→ **WORK ORDER**:
All that is wanted is an exact copy of the lines below, starting at the one that contains "this 1280×1707 image." and running to the end.

___ DATA UNDER STUDY

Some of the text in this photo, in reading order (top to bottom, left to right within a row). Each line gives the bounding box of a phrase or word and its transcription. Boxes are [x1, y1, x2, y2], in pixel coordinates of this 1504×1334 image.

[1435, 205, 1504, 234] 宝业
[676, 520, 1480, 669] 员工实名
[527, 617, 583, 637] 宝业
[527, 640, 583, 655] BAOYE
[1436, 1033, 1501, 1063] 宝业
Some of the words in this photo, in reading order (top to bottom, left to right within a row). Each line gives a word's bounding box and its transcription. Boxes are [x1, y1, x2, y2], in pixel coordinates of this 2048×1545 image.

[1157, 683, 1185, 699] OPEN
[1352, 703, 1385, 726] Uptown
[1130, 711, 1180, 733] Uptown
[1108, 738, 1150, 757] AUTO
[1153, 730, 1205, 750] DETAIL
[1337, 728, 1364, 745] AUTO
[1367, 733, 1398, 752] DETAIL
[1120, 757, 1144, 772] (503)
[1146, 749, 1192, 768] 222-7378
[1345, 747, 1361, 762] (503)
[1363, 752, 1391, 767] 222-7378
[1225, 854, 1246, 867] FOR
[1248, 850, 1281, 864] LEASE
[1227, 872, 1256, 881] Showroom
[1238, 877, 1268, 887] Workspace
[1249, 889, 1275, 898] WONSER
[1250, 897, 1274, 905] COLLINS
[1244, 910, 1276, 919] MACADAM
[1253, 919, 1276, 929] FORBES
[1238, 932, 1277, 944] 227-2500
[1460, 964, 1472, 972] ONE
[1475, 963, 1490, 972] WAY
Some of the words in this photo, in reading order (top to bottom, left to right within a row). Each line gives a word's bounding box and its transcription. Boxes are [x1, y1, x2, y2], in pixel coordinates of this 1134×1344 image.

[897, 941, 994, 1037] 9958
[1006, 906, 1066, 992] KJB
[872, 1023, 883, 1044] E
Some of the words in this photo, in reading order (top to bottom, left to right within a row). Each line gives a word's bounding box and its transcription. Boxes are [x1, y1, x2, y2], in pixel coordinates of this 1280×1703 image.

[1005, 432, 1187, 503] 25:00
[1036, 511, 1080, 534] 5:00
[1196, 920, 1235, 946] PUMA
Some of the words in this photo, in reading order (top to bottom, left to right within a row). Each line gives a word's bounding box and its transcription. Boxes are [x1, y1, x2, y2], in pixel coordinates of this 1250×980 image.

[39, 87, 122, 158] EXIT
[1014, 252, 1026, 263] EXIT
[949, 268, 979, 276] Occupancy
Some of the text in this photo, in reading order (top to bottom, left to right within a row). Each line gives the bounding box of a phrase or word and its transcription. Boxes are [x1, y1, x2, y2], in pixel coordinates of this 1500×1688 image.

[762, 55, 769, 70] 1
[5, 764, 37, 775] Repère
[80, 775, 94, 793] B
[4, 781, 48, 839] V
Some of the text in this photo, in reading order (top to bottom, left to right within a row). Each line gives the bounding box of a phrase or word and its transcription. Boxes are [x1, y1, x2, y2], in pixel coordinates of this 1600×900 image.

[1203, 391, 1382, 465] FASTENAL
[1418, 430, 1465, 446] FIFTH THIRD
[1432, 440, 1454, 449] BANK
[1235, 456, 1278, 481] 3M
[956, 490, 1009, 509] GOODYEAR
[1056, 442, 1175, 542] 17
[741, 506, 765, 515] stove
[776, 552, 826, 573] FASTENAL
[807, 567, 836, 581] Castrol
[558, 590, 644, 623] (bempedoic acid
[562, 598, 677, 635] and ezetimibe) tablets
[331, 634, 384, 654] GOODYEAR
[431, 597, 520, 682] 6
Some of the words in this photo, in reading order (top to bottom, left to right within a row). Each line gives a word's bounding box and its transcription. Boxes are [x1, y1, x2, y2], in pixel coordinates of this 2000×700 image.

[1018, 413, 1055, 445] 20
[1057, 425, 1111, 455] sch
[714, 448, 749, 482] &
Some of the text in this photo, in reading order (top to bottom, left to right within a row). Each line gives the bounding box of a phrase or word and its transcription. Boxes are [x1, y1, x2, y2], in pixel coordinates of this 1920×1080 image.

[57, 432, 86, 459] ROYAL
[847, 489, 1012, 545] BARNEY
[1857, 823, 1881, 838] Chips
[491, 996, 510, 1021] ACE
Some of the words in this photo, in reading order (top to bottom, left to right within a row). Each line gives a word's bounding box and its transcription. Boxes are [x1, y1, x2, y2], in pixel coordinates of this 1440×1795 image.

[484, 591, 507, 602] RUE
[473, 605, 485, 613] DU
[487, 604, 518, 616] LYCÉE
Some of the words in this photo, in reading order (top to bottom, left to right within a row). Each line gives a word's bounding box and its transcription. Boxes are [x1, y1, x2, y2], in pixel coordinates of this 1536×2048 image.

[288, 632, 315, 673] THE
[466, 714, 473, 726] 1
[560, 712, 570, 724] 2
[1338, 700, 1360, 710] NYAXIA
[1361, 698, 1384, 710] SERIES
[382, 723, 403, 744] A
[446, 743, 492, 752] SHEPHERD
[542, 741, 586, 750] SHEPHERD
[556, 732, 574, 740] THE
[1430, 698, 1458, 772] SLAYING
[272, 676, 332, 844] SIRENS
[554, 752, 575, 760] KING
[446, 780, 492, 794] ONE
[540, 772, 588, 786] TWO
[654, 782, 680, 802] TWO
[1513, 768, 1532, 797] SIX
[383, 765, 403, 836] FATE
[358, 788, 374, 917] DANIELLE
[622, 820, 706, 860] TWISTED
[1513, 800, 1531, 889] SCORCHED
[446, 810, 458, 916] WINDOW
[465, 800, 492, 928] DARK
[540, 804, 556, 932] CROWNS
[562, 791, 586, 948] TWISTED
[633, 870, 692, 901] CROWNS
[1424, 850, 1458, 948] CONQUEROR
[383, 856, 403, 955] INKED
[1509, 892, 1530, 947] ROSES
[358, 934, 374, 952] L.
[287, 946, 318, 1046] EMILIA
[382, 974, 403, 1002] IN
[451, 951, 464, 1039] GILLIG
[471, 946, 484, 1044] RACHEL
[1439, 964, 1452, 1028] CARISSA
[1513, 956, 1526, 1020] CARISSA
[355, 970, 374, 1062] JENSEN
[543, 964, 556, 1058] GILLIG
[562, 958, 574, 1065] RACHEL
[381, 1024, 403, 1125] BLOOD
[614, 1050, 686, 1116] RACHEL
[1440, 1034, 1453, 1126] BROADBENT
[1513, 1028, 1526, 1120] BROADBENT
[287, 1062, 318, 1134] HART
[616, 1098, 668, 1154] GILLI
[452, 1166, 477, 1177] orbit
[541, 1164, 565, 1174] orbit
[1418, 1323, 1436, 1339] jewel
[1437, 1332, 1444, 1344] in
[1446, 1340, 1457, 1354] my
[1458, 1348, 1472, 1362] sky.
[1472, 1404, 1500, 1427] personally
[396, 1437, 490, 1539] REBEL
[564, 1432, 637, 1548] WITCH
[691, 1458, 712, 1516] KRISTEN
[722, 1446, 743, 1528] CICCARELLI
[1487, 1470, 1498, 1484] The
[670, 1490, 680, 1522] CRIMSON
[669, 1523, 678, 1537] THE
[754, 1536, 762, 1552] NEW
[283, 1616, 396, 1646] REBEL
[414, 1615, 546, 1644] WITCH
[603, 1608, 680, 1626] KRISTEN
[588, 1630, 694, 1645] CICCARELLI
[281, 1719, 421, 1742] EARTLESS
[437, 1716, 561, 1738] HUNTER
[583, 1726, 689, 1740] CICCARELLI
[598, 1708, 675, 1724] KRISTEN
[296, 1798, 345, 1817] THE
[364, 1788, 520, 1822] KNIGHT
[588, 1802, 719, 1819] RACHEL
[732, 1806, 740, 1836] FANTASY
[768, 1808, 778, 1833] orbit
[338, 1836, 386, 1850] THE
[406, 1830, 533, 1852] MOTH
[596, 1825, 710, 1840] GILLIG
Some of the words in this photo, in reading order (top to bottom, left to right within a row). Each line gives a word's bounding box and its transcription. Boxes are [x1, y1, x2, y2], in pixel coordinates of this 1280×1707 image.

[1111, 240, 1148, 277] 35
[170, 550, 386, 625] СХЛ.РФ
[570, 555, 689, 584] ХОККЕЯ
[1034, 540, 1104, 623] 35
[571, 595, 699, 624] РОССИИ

______

→ **EXERCISE OUTPUT**:
Some of the words in this photo, in reading order (top to bottom, left to right within a row). Each line gives a word's bounding box and its transcription. Boxes are [x1, y1, x2, y2], in pixel coordinates of this 1280×1707 image.

[1111, 240, 1148, 277] 35
[170, 550, 386, 625] СХЛ.РФ
[570, 555, 689, 584] ХОККЕЯ
[1034, 540, 1104, 623] 35
[571, 595, 699, 624] РОССИИ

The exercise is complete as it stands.